France, Kuwait, Tunisia Attacks Suggest Islamic State Influence

Even if the three attacks were not coordinated, they may all have been inspired by the Islamic State.

Islamists staged attacks on three continents on Friday, underscoring the potentially global reach of the Islamic State militant group.

The biggest attack occurred in Kuwait where a suicide bomber blew himself up inside a Shia mosque in the capital city during Friday prayers, killing 27 people and injuring hundreds. The self-declared Islamic State claimed responsibility for the attack.

The group did not claim responsibility for a shooting in Tunisia where 37 tourists were killed in the resort town of Sousse when a gunman opened fire on the beach. The assailant was shot dead by police.

Nor did there appear to be a direct connection with what French authorities described as a terrorist attack in Lyon. A radicalized French national rammed his delivery van into a warehouse containing gas canisters there, triggering an explosion, after beheading his boss and leaving the body at the site of an American-owned gas factory.

The suspect was detained by French police.

“There is no other link other than to say that terrorism is our common enemy,” said President François Hollande who returned to Paris from European talks in Brussels.

In January, Islamist gunmen killed seventeen people at the satirical newspaper Charlie Hebdo and a Jewish supermarket in Paris.

Two months ago, Prime Minister Manuel Valls said five terrorist attacks had been thwarted in France since then.

Even if the three attacks were not coordinated, the news agency Reuters reports they may have been inspired by the Islamic State’s recent call to jihad (holy way) or the one-year anniversary of its declaration of an Islamic caliphate in Iraq and Syria on Monday.

Unlike the terrorist organization Al Qaeda, Islamic State is not known to have an international organization. But its military successes against the Iraqi government have inspired would-be jihadists in the West. In the last year alone, lone radicalized Muslims have staged attacks in Copenhagen, Ottawa and Sydney.

Late last year, the Islamic State urged followers not to “wait for us to tell you what to do” and “kill infidels wherever you find them.”

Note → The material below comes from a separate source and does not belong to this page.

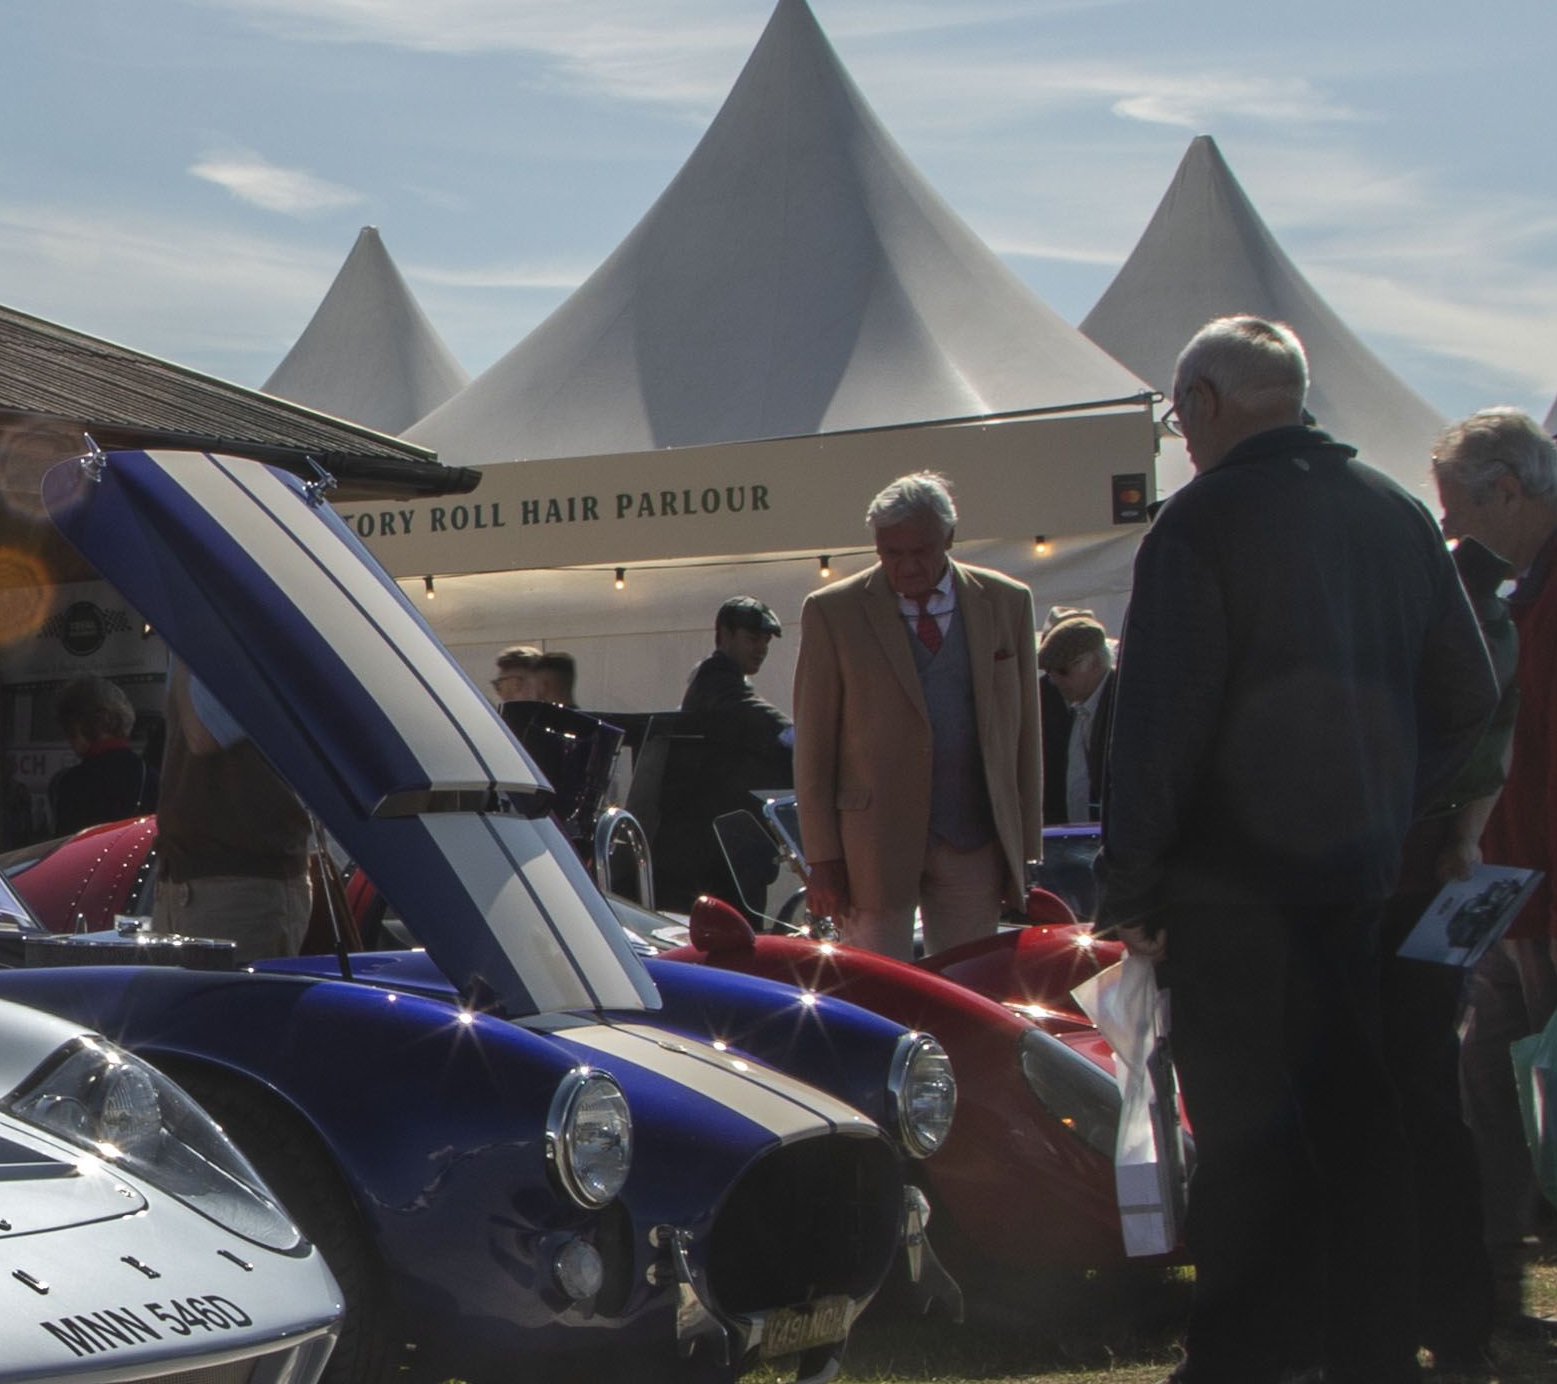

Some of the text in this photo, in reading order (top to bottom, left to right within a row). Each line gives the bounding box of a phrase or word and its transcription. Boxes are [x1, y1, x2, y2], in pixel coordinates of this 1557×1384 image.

[430, 503, 505, 533] ROLL
[521, 495, 600, 525] HAIR
[616, 485, 771, 519] PARLOUR
[39, 1294, 253, 1358] MNN 546D
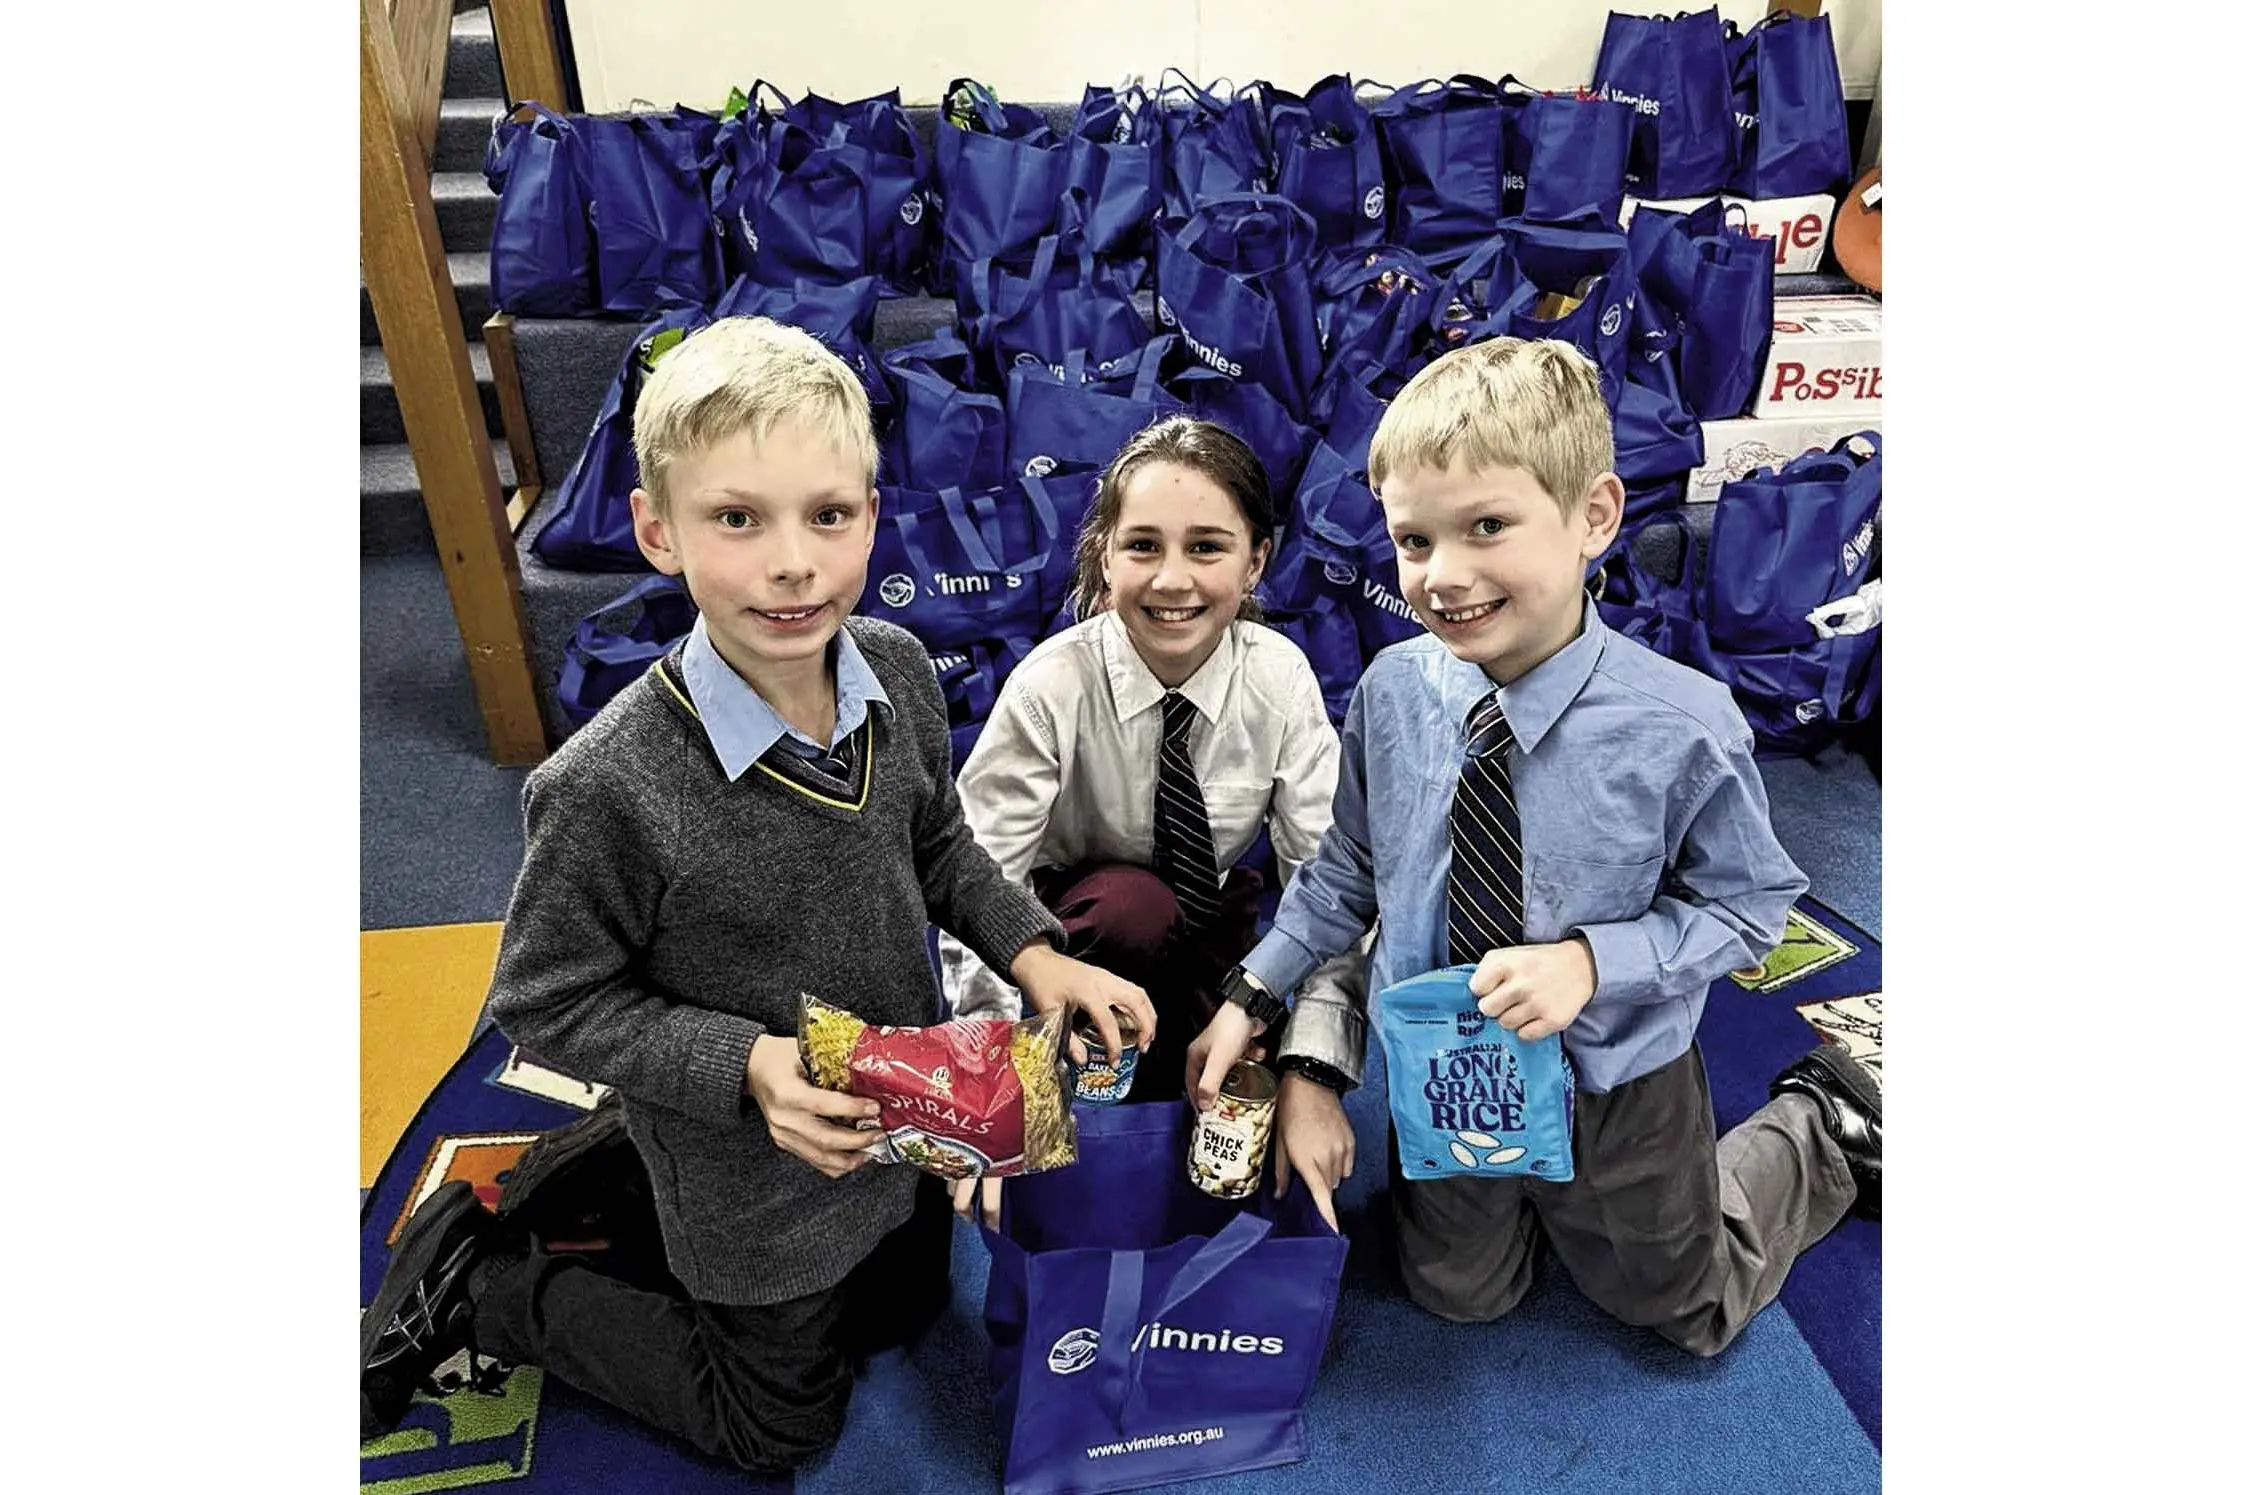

The group rose to prominence when it conquered Mosul, Iraq’s second largest city, a year ago, triggering a bloody sectarian conflict that spans the eastern half of Syria and the northwest of Iraq. Among its objectives are to erase the border between Iraq and Syria, drawn a century ago by European imperialists, and unite the Sunni Muslims living roughly between the Euphrates and Tigris Rivers in one state.

Last month, it added the Iraqi city of Ramadi to its territory, the capital of the mostly Sunni Anbar Province.

Arab and Western allies launched airstrikes against the Islamic State in August of last year. France is among the countries that carries out attacks on a daily basis. European countries have also supplied the semi-independent Kurdistan Regional Government in the north of Iraq with combat equipment to fight the militants.